• [Work instruction] Write out the data exactly, every line included.

• [Exercise inputs]
☆ ☆ ☆

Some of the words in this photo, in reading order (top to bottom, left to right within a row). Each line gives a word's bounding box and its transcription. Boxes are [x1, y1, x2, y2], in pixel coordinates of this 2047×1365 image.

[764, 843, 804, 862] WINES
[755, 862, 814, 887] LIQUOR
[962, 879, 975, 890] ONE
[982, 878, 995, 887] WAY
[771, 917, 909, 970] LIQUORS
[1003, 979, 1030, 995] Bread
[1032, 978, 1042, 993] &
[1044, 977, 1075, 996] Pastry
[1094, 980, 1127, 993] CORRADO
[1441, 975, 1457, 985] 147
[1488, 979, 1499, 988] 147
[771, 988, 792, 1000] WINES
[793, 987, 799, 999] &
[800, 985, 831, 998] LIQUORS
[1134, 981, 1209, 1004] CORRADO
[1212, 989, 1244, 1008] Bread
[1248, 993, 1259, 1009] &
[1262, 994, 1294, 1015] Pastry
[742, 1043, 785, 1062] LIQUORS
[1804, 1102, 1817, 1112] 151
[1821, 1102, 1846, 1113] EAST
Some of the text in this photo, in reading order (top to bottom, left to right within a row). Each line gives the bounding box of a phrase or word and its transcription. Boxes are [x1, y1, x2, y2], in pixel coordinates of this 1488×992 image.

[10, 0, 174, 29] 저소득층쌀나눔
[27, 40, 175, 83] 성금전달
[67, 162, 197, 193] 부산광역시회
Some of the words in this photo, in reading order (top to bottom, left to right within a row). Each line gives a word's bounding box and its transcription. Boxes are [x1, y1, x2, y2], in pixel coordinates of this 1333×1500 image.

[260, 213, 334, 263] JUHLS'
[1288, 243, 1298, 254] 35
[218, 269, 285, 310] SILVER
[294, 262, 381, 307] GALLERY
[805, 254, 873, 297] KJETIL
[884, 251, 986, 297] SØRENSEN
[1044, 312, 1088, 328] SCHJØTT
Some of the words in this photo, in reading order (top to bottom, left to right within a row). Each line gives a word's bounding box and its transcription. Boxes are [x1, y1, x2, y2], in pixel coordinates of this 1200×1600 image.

☆ ☆ ☆

• [Response below]
Some of the words in this photo, in reading order (top to bottom, left to right within a row). Each line gives a word's bounding box and its transcription. Boxes are [x1, y1, x2, y2], in pixel coordinates of this 2047×1365 image.

[764, 843, 804, 862] WINES
[755, 862, 814, 887] LIQUOR
[962, 879, 975, 890] ONE
[982, 878, 995, 887] WAY
[771, 917, 909, 970] LIQUORS
[1003, 979, 1030, 995] Bread
[1032, 978, 1042, 993] &
[1044, 977, 1075, 996] Pastry
[1094, 980, 1127, 993] CORRADO
[1441, 975, 1457, 985] 147
[1488, 979, 1499, 988] 147
[771, 988, 792, 1000] WINES
[793, 987, 799, 999] &
[800, 985, 831, 998] LIQUORS
[1134, 981, 1209, 1004] CORRADO
[1212, 989, 1244, 1008] Bread
[1248, 993, 1259, 1009] &
[1262, 994, 1294, 1015] Pastry
[742, 1043, 785, 1062] LIQUORS
[1804, 1102, 1817, 1112] 151
[1821, 1102, 1846, 1113] EAST
Some of the text in this photo, in reading order (top to bottom, left to right within a row). Each line gives the bounding box of a phrase or word and its transcription. Boxes are [x1, y1, x2, y2], in pixel coordinates of this 1488×992 image.

[10, 0, 174, 29] 저소득층쌀나눔
[27, 40, 175, 83] 성금전달
[67, 162, 197, 193] 부산광역시회
Some of the words in this photo, in reading order (top to bottom, left to right within a row). Each line gives a word's bounding box and its transcription. Boxes are [x1, y1, x2, y2], in pixel coordinates of this 1333×1500 image.

[260, 213, 334, 263] JUHLS'
[1288, 243, 1298, 254] 35
[218, 269, 285, 310] SILVER
[294, 262, 381, 307] GALLERY
[805, 254, 873, 297] KJETIL
[884, 251, 986, 297] SØRENSEN
[1044, 312, 1088, 328] SCHJØTT
Some of the words in this photo, in reading order (top to bottom, left to right within a row). Each line gives a word's bounding box and its transcription. Boxes are [x1, y1, x2, y2], in pixel coordinates of this 1200×1600 image.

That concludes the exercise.